▸ **Exercise goal**
Each line of the data must reappear exactly in your answer, with no images included.
════════════════
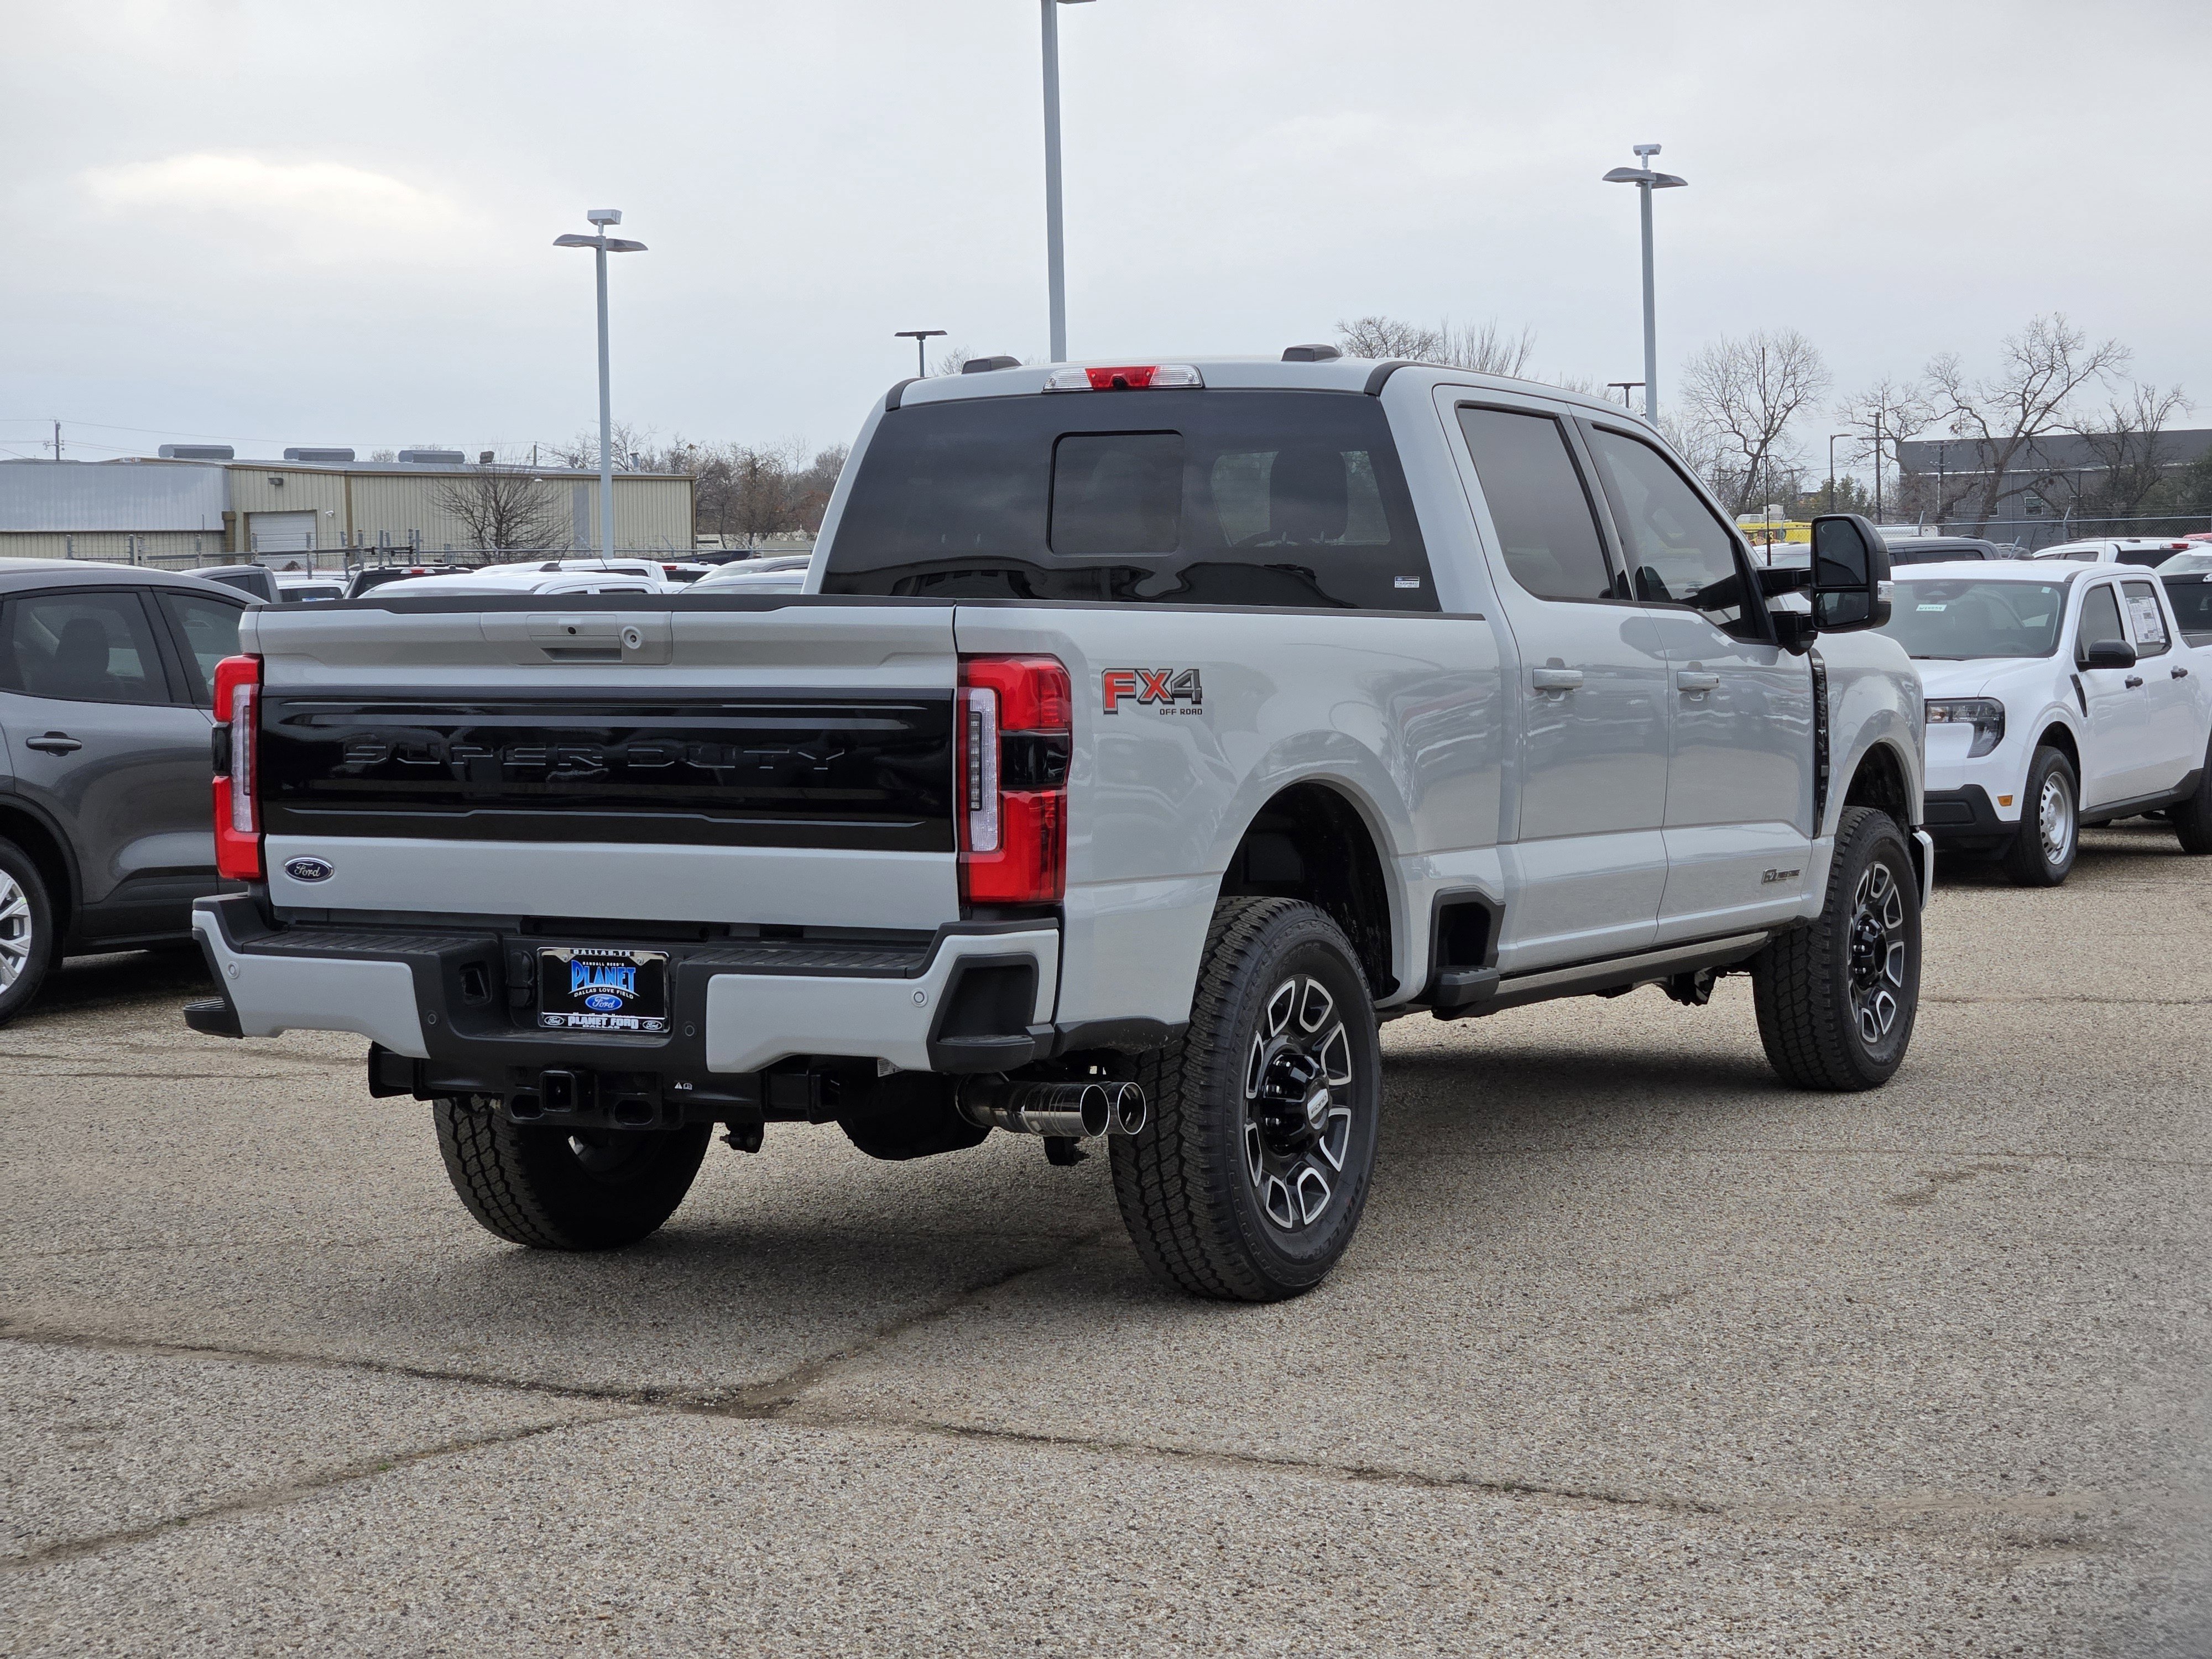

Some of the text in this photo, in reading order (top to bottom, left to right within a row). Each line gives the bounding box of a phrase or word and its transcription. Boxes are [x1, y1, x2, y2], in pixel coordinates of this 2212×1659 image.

[1102, 668, 1202, 715] FX4
[343, 742, 845, 770] SUPER DUTY
[294, 862, 321, 877] Ford
[571, 959, 636, 993] PLANET
[574, 988, 597, 998] DALLAS
[616, 989, 634, 999] FIELD
[592, 997, 615, 1009] Ford
[567, 1016, 639, 1030] PLANET FORD
[1311, 1095, 1327, 1115] FORD
════════════════
▸ **Reply to the exercise**
Some of the text in this photo, in reading order (top to bottom, left to right within a row). Each line gives the bounding box of a phrase or word and its transcription. Boxes are [x1, y1, x2, y2], in pixel coordinates of this 2212×1659 image.

[1102, 668, 1202, 715] FX4
[343, 742, 845, 770] SUPER DUTY
[294, 862, 321, 877] Ford
[571, 959, 636, 993] PLANET
[574, 988, 597, 998] DALLAS
[616, 989, 634, 999] FIELD
[592, 997, 615, 1009] Ford
[567, 1016, 639, 1030] PLANET FORD
[1311, 1095, 1327, 1115] FORD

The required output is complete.